Common mutations of interest in the diagnosis of amyotrophic lateral sclerosis: how common are common mutations in ALS genes?
Published in Expert Review of Molecular Diagnostics, 2020
Benedetta Perrone, Francesca Luisa Conforti
In 2009, the fused in sarcoma/translocated in liposarcoma (FUS/TLS) protein was linked to ALS, as a component of inclusions found in ALS patients.

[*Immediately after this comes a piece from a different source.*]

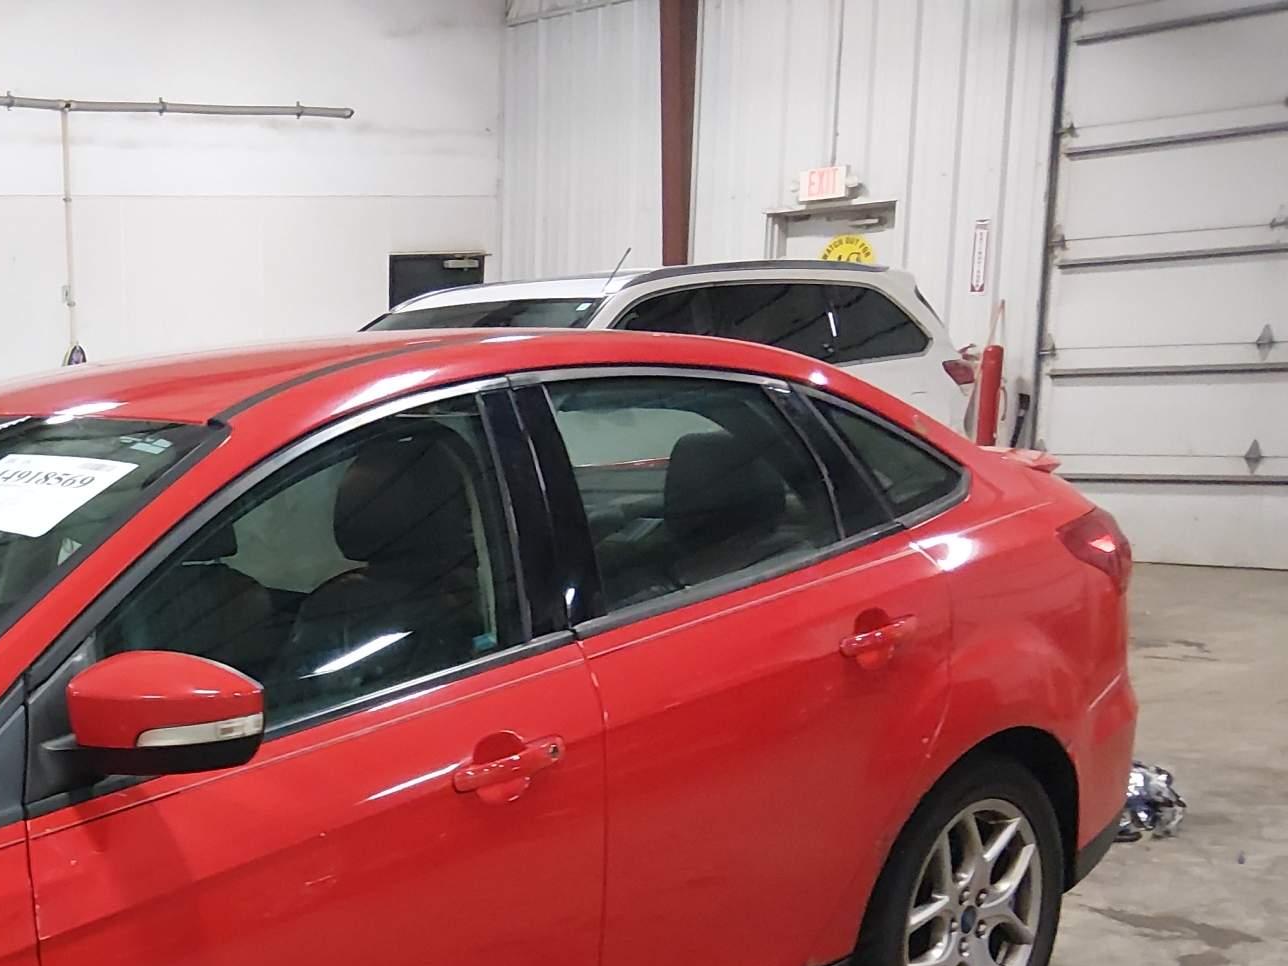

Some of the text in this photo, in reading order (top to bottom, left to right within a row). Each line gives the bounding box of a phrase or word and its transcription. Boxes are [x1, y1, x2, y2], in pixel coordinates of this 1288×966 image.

[808, 167, 839, 196] EXIT
[845, 236, 860, 246] OUT
[859, 242, 872, 258] FOR

Successively, mutations in the FUS gene within a linkage region on chromosome 16, causing severe loss of motor neurons in the spinal cord, moderate loss of upper motor neurons, were discovered and associated with juvenile ALS [73]. Although rare cases of ALS-FTLD or pure FTLD have been reported, most patients with FUS mutations develop a classic ALS phenotype without cognitive defect [73,74]. FUS is an RNA-binding protein involved in DNA repair, neuronal development, maintenance and/or degeneration, and RNA metabolism [19]. This 526-amino-acid-long protein, expressed ubiquitously, contains an N-terminal domain (rich in Ser, Tyr, Gly, and Gln; SYGQ-rich), multiple nucleic-acid-binding domains including an RNA-recognition motif (RRM), three Arg-Gly-Gly repeat regions (RGG), a zinc-finger motif and a highly conserved C-terminal atypical nuclear localization of ProTyr (NLS) [75] (Figure 4).